Doortje Smithuijsen bezoekt klinieken, spreekt psychologen, interviewt game-, porno- en Instagramverslaafden, maar ook mensen die niet zonder hun Strava of datingapps kunnen. Daarnaast kijkt ze kritisch naar zichzelf en haar eigen omgeving: in hoeverre verschilt onze digitale afhankelijkheid van die van ‘echte’ verslaafden? Waar ligt de grens tussen ‘normaal’ online gedrag en een online obsessie?
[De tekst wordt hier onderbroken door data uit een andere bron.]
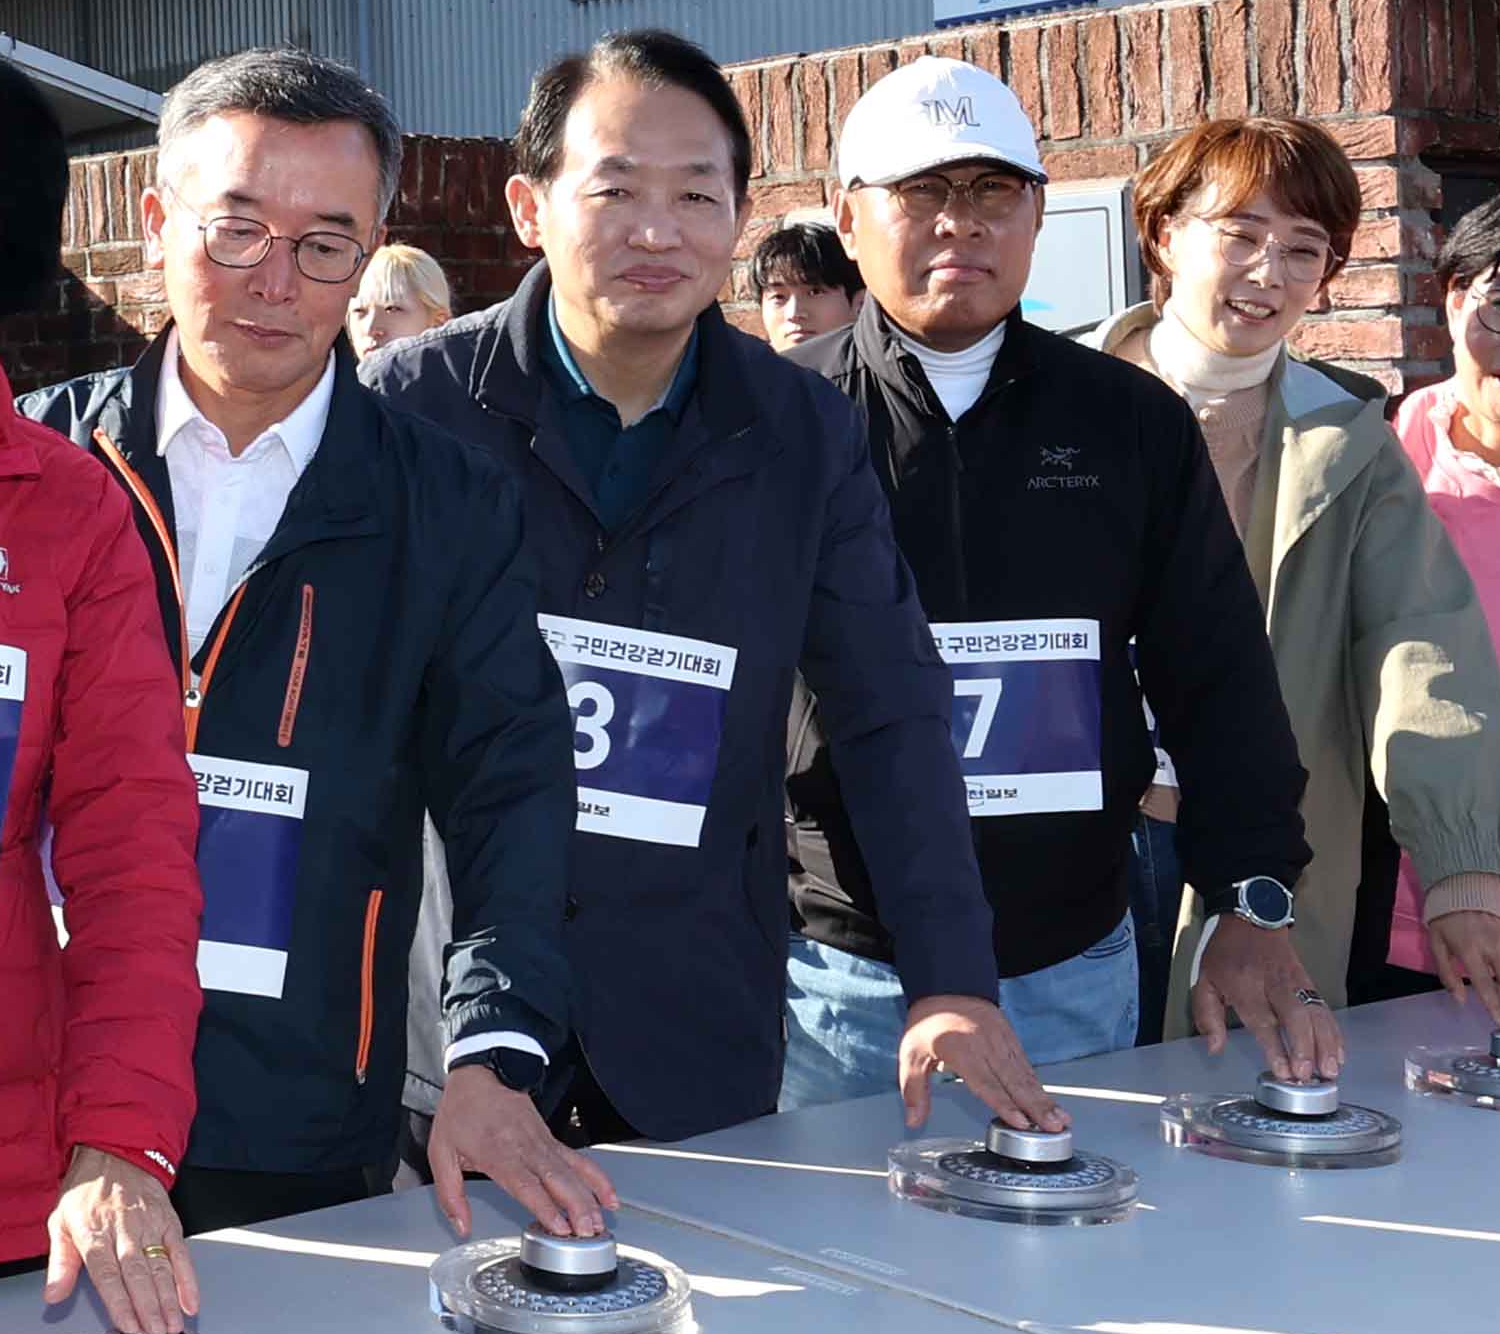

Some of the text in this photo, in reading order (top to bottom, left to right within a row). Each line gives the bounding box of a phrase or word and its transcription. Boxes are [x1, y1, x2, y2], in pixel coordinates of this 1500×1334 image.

Iedereen verslaafd? is een meeslepende en scherpe analyse van de gevolgen van digitalisering, maar ook een kritische duiding van de huidige tijd. Als verslaving immers een vlucht is, waarvoor vluchten we dan?
Fragment uit (de) Proloog
In eerste instantie voelde ik me enigszins bezwaard dit boek te schrijven. Het thema verslaving trok me enorm, en meer nog het idee dat de digitalisering een steeds uitdijende diepte schept waarin we als mens makkelijker kunnen verdwijnen. Wie geen zin heeft in het aardse leven pakt een telefoon of laptop, begint te scrollen, te staren en voor jet het weet ben je weg - dat idee. Het deed me denken aan de screensaver Sterrenbeeld die je vroeger op oude pc's had: een zwart beeld waarin kleine witte sterretjes steeds aan je voorbijtrekken, een oneindige cruise door het heelal. Een reis zonder bestemming, behalve het zwarte gat dat steeds op gelijke afstand bleef en toch gevoelsmatig dichterbij kwam. Als kind kon ik eindeloos naar dat beeld kijken, ik wachtte dagelijks bij de computer op de gang van de basisschool tot de muis lang genoeg niets had gedaan en het beeld weer op zwart ging. Het had iets magisch, dat vallen zonder ondergrond, dat eindeloze vooruit.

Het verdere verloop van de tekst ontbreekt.